One afternoon, during the first Covid lockdown, I was doing a sudoku, thrilling, I know, and I have vague memories of feeling extremely groggy all of a sudden.
I had just moved back in with my parents, and they said words to the effect of: 'Do you remember what you were just talking about?', my response was, 'No? I wasn’t even talking. I’ve just been doing a puzzle?’
It later transpired that what had just happened, however, was my first epileptic seizure, and, like all my fits, I’d lost memory of it.
There was no warning, no diagnosis, and no previous history; it just happened completely out of the blue.
After a couple of tests, we had confirmation that I had begun suffering complex partial seizures—one of multiple forms of epilepsy.
Unlike what I had previously typically associated with epileptic seizures, involving physical convulsions, I describe mine as ‘the lights are on but nobody’s home.
I remain semi-conscious and apparently still hold some form of conversation, albeit garbled, but control of my brain is no longer my own until I come back around some minutes later.
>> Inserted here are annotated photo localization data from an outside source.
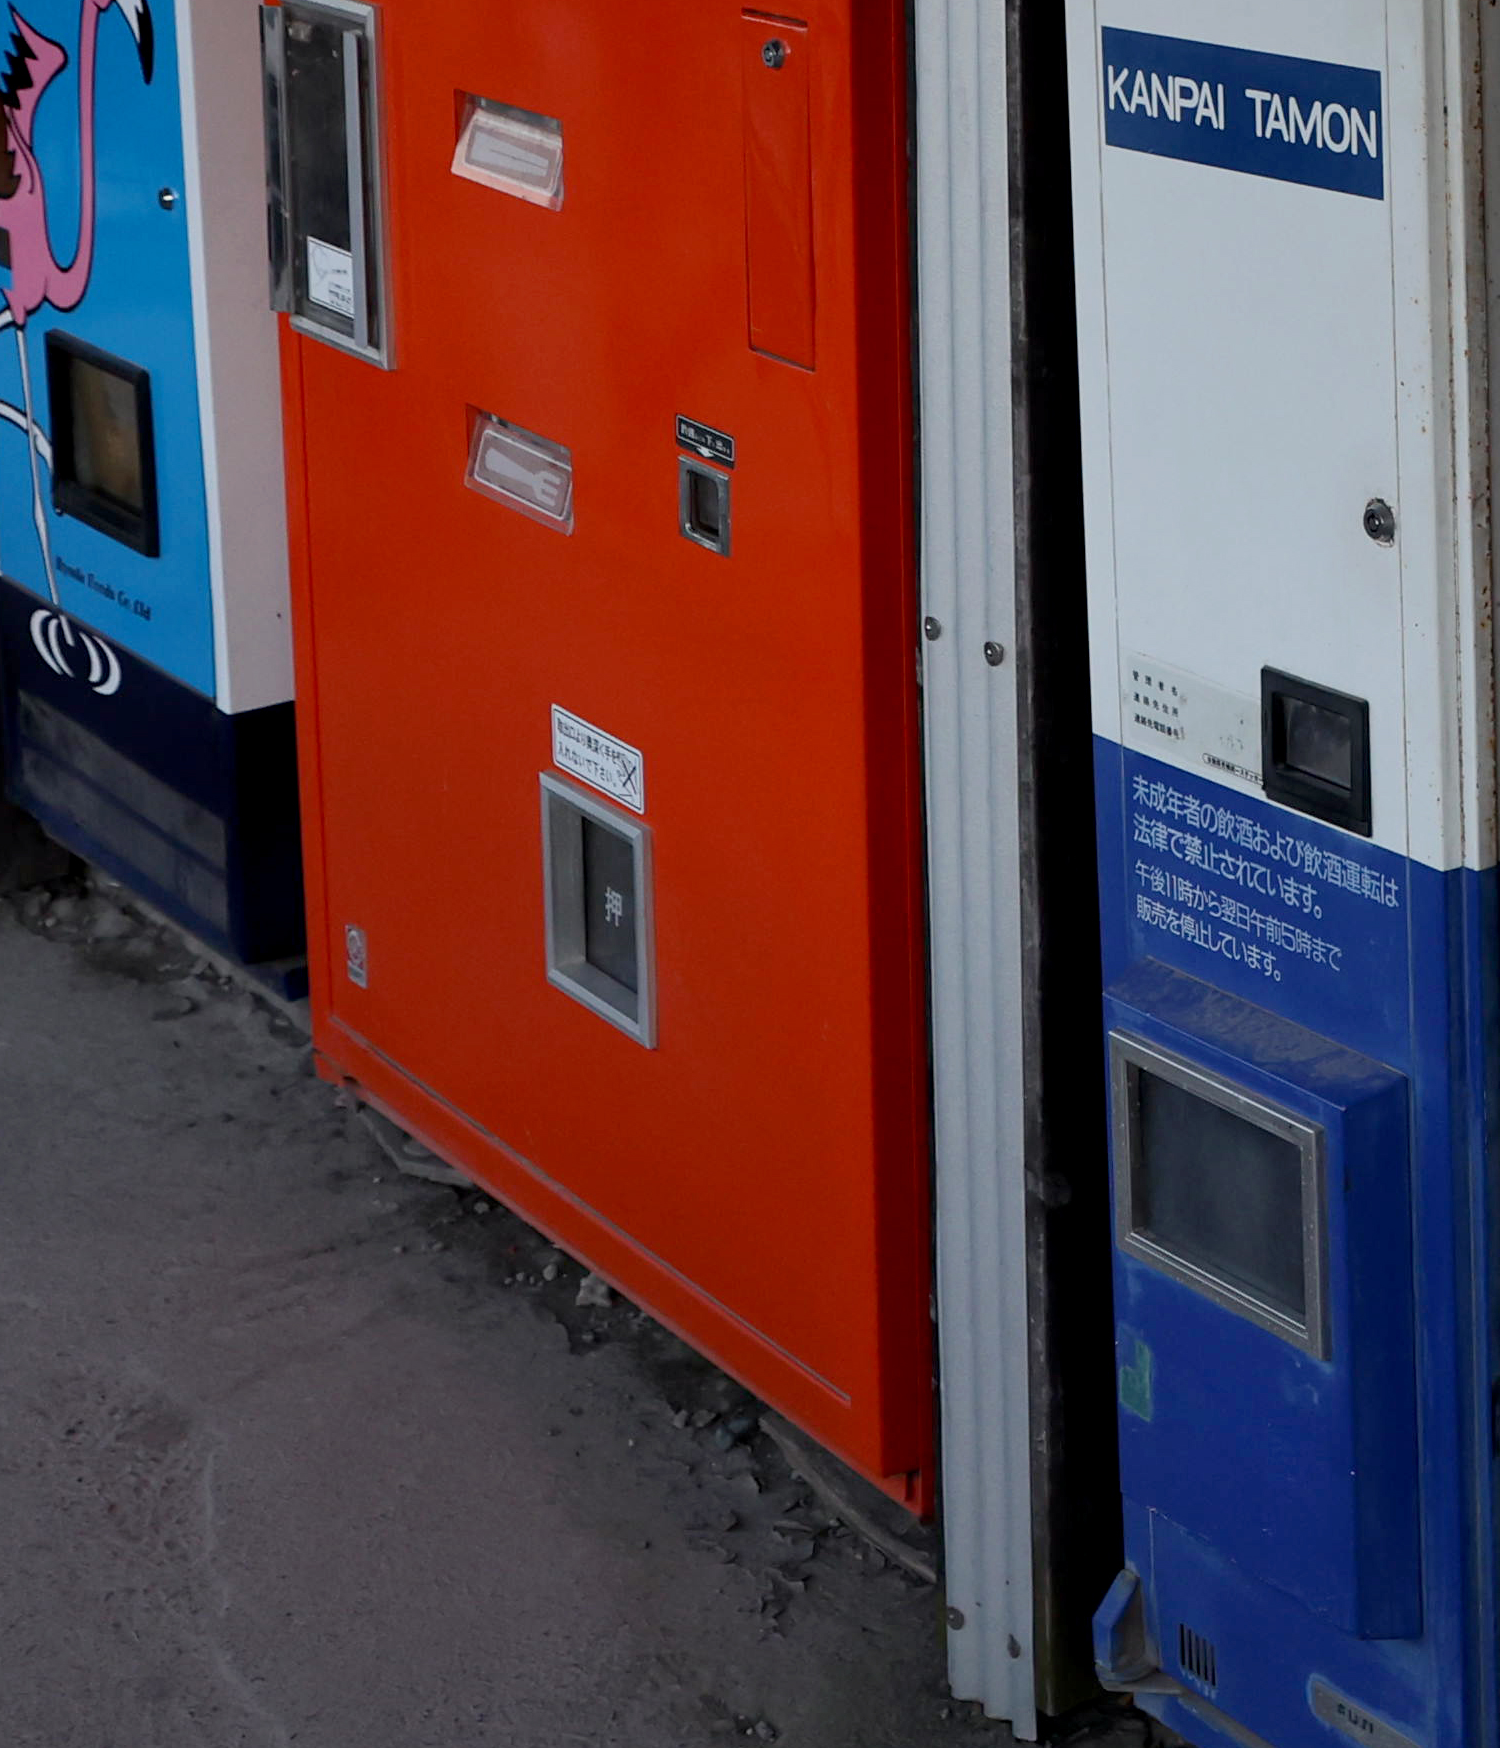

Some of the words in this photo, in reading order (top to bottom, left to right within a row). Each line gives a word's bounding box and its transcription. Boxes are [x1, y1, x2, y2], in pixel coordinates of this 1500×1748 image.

[1108, 65, 1224, 130] KANPAI
[1246, 89, 1376, 158] TAMON
[1133, 776, 1399, 909] 未成年者の飲酒および飲酒運転は
[1133, 814, 1323, 919] 法律で禁止されています。
[605, 885, 623, 927] 押
[1135, 862, 1342, 972] 午後11時から翌日午前5時まで
[1137, 895, 1282, 983] 販売を停止しています。
Again, I get no warning that a seizure is about to happen. Like around 50% of people with epilepsy, I don’t have any known triggers. I’ve had them at all times of day, exercising or sleeping. It really is a lottery.
I’ll be honest here: I struggled to accept the idea of being disabled at first—not least because I still felt exactly the same as before most of the time, my body hadn’t changed, and many more people out there have it far worse than me in life, so who was I to complain?
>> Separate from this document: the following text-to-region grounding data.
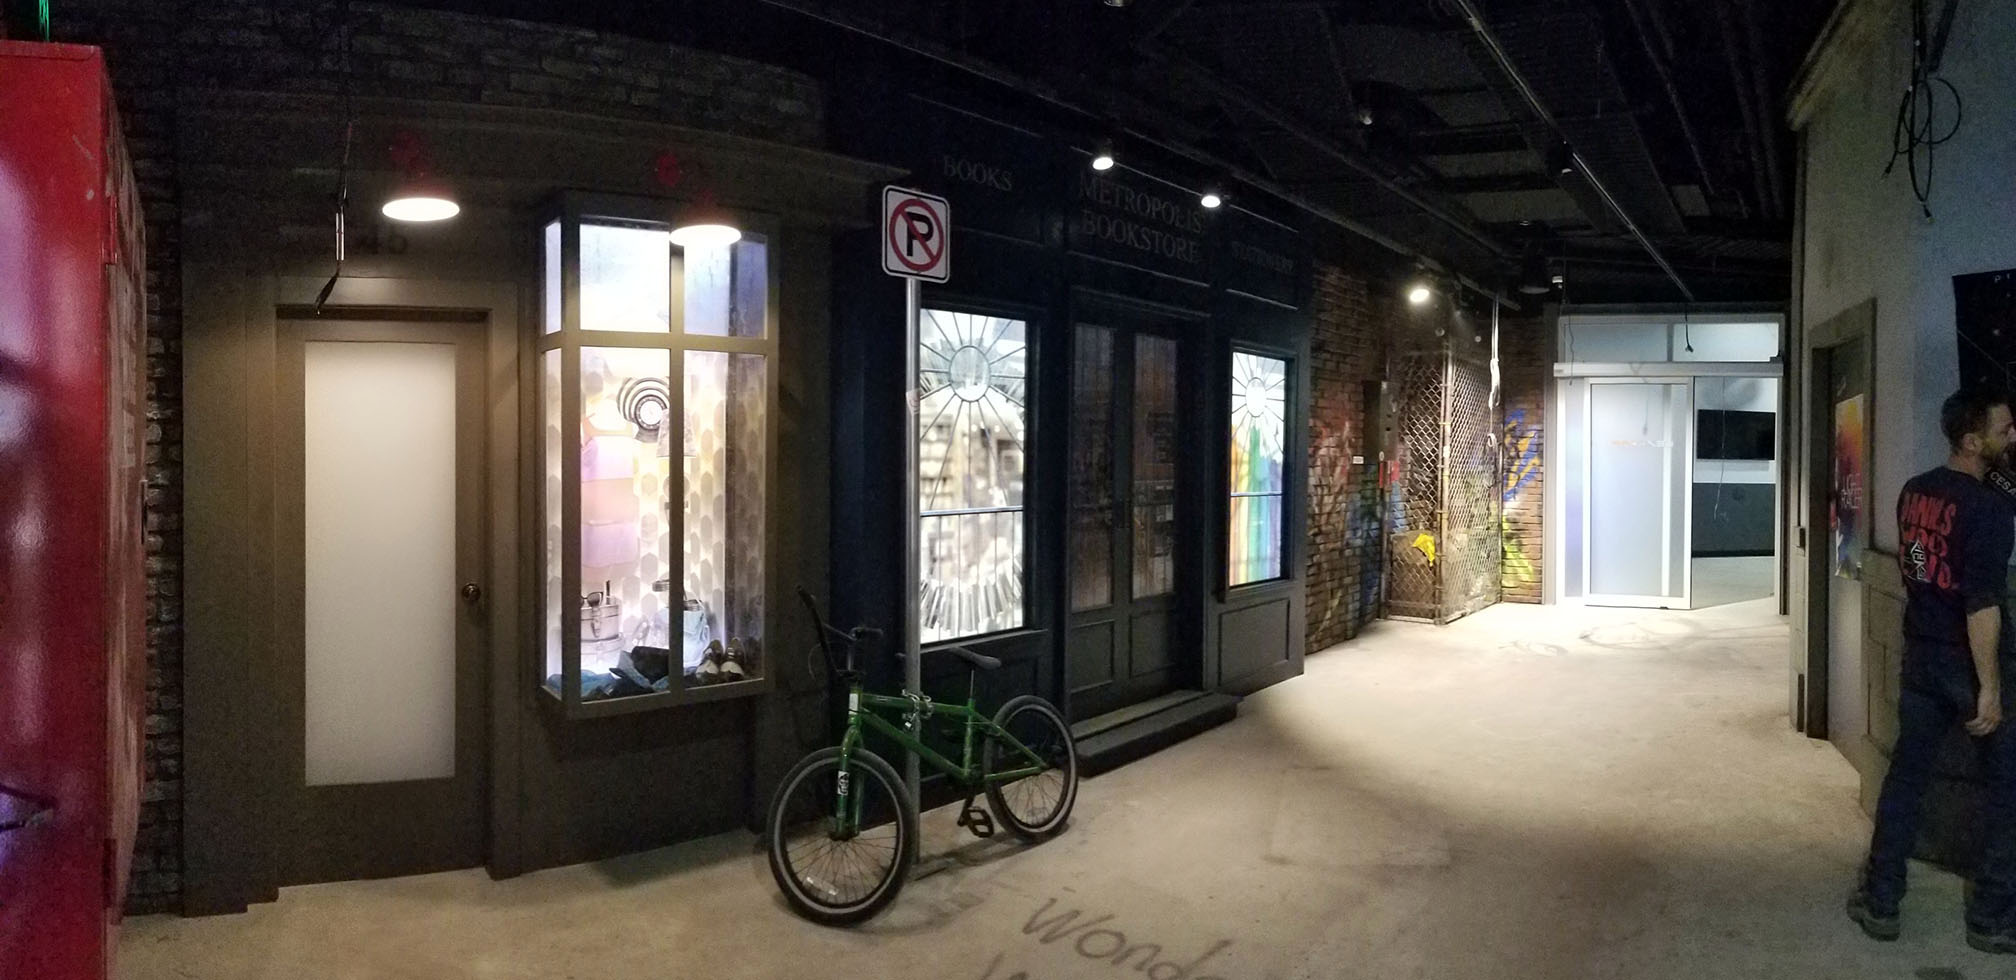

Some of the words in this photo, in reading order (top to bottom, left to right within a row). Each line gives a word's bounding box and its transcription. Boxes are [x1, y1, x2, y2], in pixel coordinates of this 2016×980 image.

[943, 154, 1013, 193] BOOKS
[1080, 173, 1205, 234] METROPOLIS
[906, 211, 934, 257] P
[1081, 210, 1205, 263] BOOKSTORE
[1022, 897, 1231, 980] Wond
As time has gone on, however, there have been moments where I’ve realised that even though I’m still able to live a mostly ‘normal’ life, there are times where it has been tougher.
I’m no longer allowed to drive unless I can reach a full-year seizure-free.
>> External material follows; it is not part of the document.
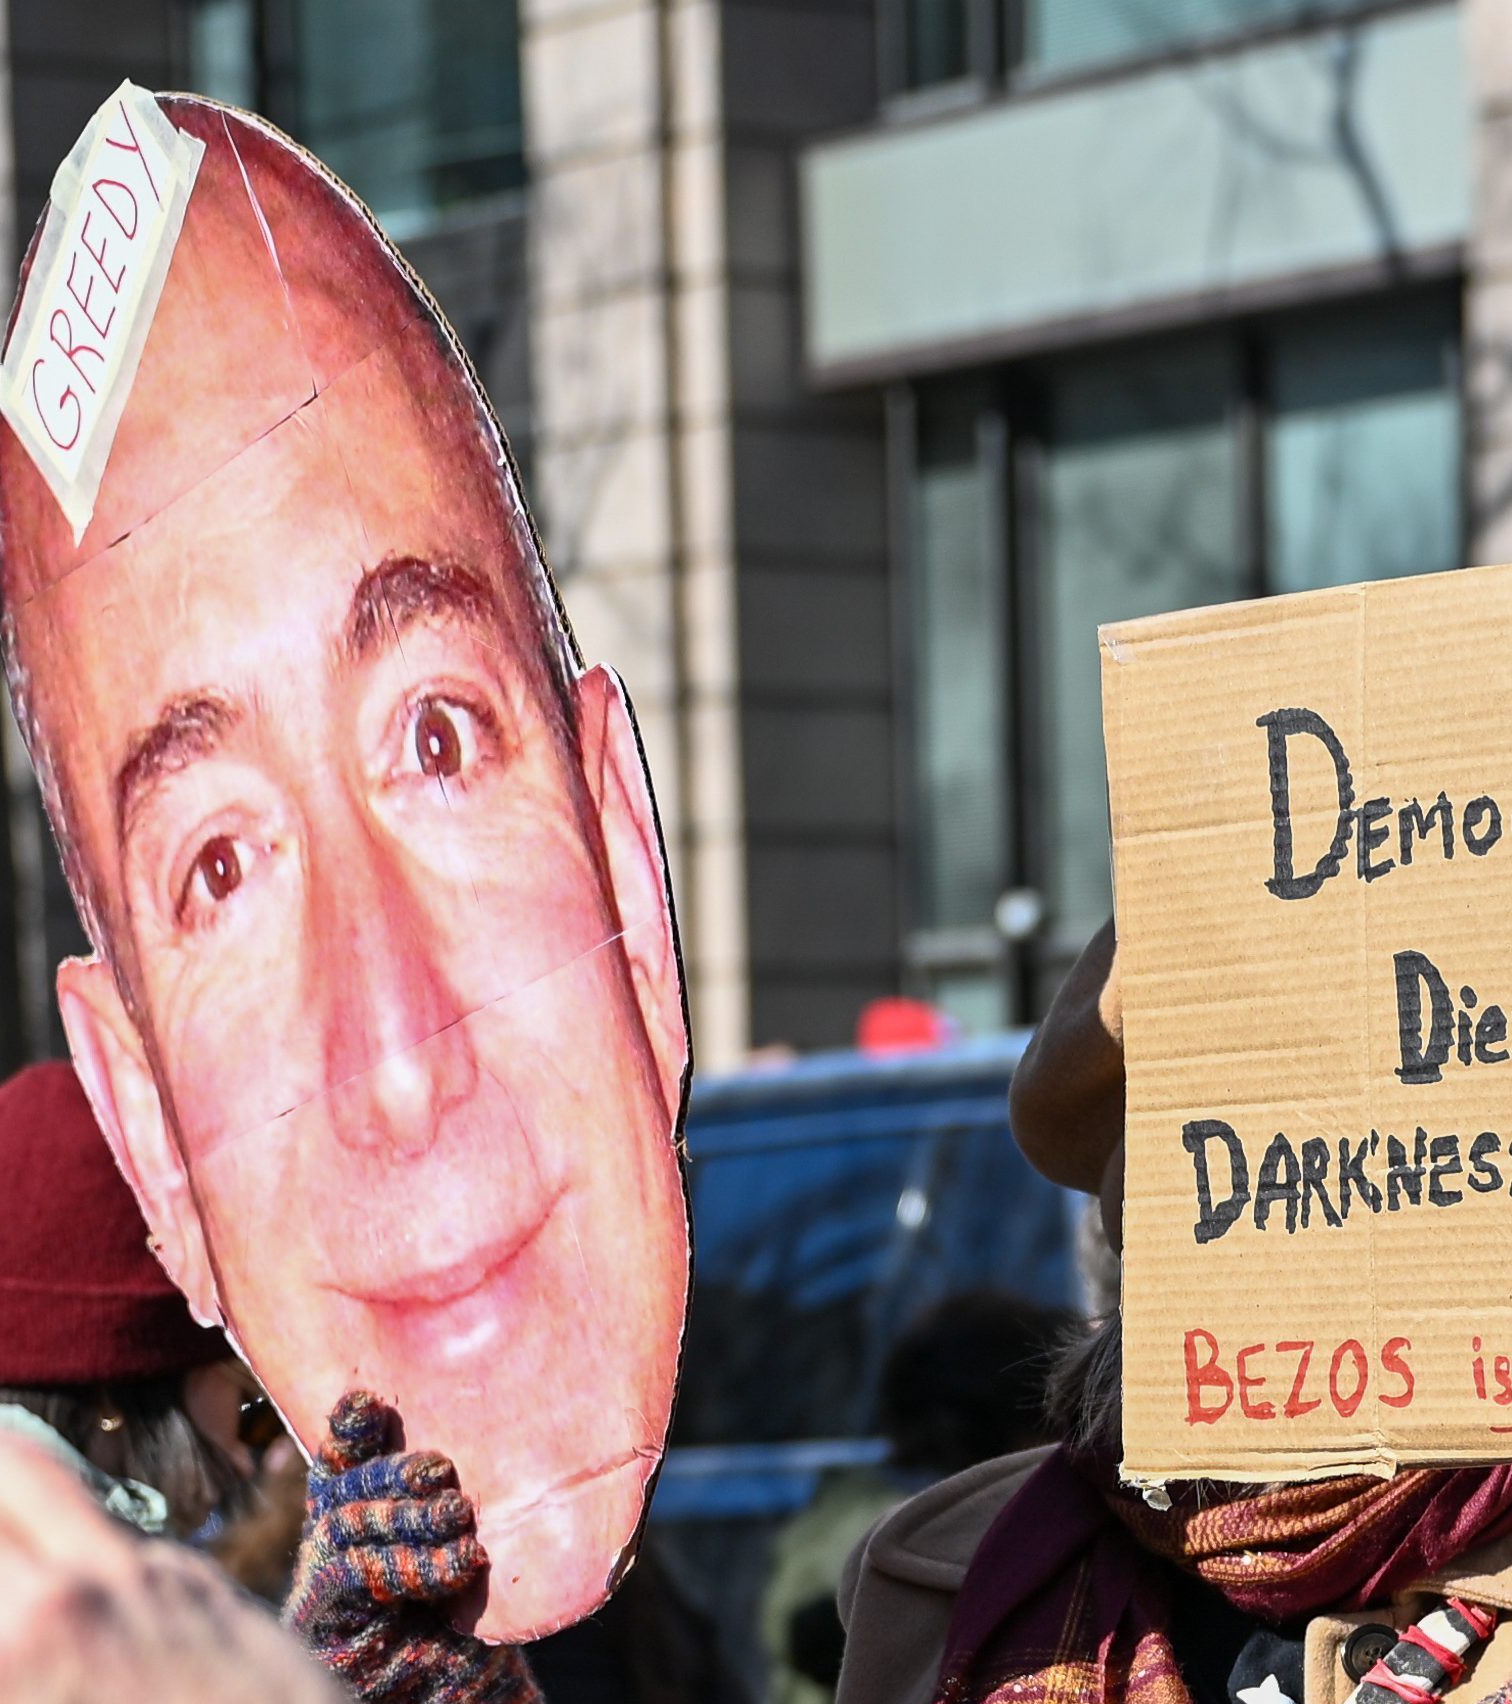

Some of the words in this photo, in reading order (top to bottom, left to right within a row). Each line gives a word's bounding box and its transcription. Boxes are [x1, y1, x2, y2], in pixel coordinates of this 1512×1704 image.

Considering before my time at Planet Sport, my job was literally travelling the length and breadth of the country, loving my time behind the wheel (I do write for PlanetF1.com after all) this has proven to be a huge barrier at times.
Even though public transport exists as a substitute, the independence I used to have feels like it has been reduced in a significant way, however intangible that may be.
I have to be extra mindful of the times where I’m on my own, when I would never have given a second thought before.
Navigating life outdoors, crossing roads, using knives while cooking, lifting anything heavy—the works.
I can’t speak on behalf of others with epilepsy, but the issues I face are not necessarily solely physical; in my case, they’re predominantly mental. It’s difficult to put into words the slight nervousness you carry with you when you know in the back of your mind you always never quite have full control over your brain.
I’m extremely grateful to have a support network around me in my family, friends, and colleagues at Planet Sport, who have been incredibly understanding and helpful when I let them know that something has gone wrong.
In my stubbornness and determination to not be seen as ‘less than’ I was before, I have made the mistake in years gone by of trying to power through my shifts after a seizure and not speaking up, which in actual fact is more harmful than admitting you need time to recover.
I have learnt from that, and, thankfully, the times epilepsy has affected my work have been few and far between. For the most part, I’m able to work the same way as I always have, and, with Planet Sport’s hybrid model, I can combine working from home with coming in to work from our Leeds office as required.
For many, epilepsy can be eventually controlled with medication. I’m not there yet, several years in, but I hope to be one day.
The best we can hope for is to control seizures to a degree where they’re no longer a factor day-to-day, though around 30% of people with epilepsy sadly never get to full seizure control.
Around 1 in 100 people live with epilepsy in the UK, and it is very much one of the ‘hidden’ disabilities we have in our lives.
If you’re able, I would urge you to support any worthy cause you can surrounding awareness and research, such as Epilepsy Action or the Epilepsy Society.
I would never wish to be characterised by my condition, and I’m thankful to have never been made to feel that way. I’m pleased to still be able to work to the best of my ability, knowing that I’m contributing to our wider goals at Planet Sport.